Ella volvió a encogerse de hombros.

—Es mi trabajo, lo que hago. Y, a fin de cuentas, creo que es lo que me gusta. No puedo pasarme la vida en los camerinos, leyendo poesía china y esperando a que termine la representación para vivir mi vida.

—¿Se lo ha dicho a ella?

—¿Qué tiene que decirme? —preguntó Flavia Petrelli, haciendo una entrada absolutamente teatral y dando un portazo. Cruzó el camerino arrastrando la cola de su traje azul celeste. Estaba transfigurada, radiante. Brunetti nunca había visto mujer más hermosa. Pero no era el traje ni el maquillaje en sí lo que la había transformado, sino el estar vestida para hacer lo que mejor sabía hacer.
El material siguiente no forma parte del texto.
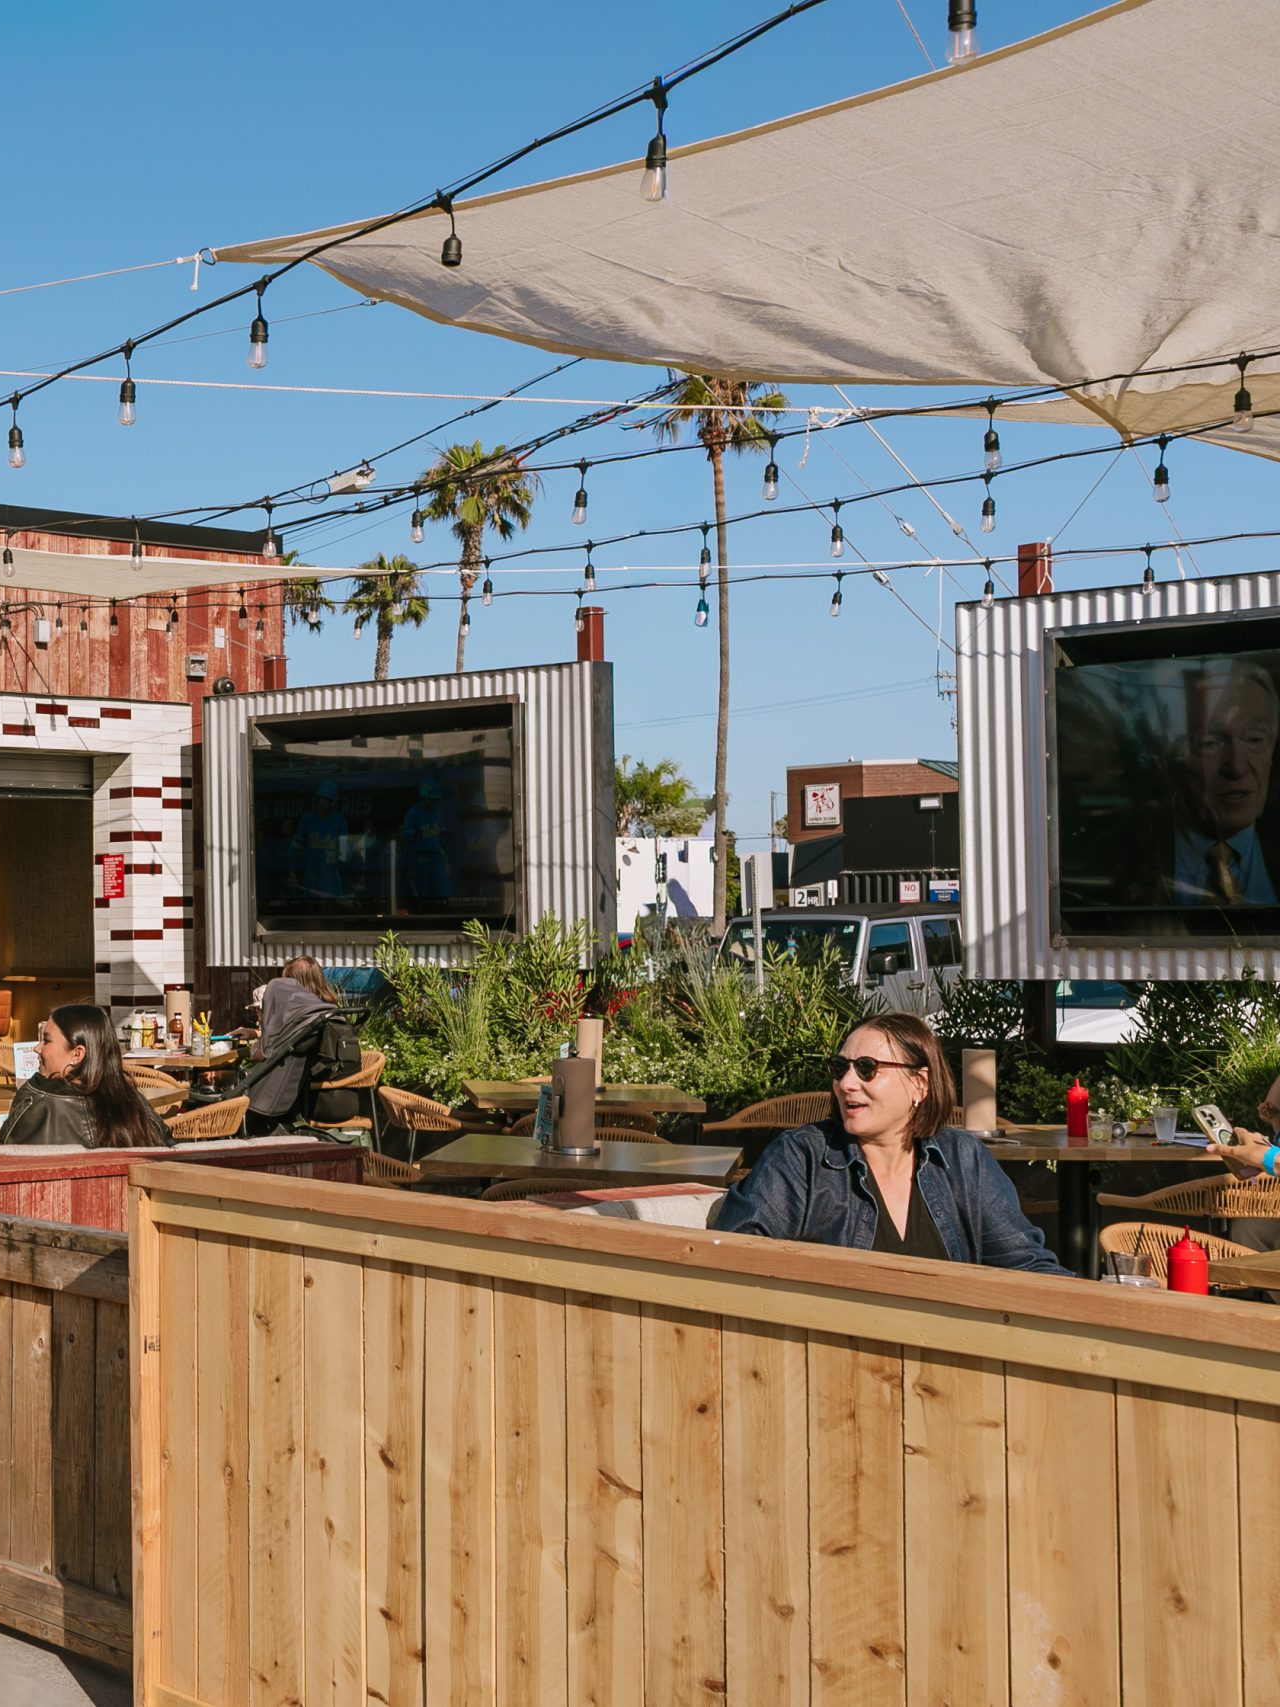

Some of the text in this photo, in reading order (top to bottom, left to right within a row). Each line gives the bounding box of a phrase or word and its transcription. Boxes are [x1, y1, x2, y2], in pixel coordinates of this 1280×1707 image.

[904, 884, 916, 892] NO
[797, 891, 819, 905] 2 HR
Paseó la mirada por la habitación observando las dos copas y lo amigable de la actitud de ambos—. ¿Qué tiene que decirme? —insistió.

—Que no le gusta
La Traviata
—dijo Brunetti—. Yo he comentado que me parecía extraño encontrarla aquí, leyendo mientras usted cantaba, y ella me ha dicho que no era una de sus óperas favoritas.

—También es extraño encontrarle a usted aquí, comisario. Y que no es una de sus óperas favoritas ya lo sé. —Si no le creía, no lo demostró. El comisario se había levantado cuando entró la soprano y ahora ella pasó por delante de él para ir hasta una repisa, donde llenó un vaso de agua mineral y lo bebió de un tirón. Volvió a llenarlo y bebió la mitad—. Esas luces, es como estar en una sauna. —Terminó el agua y dejó el vaso—. ¿De qué hablabais?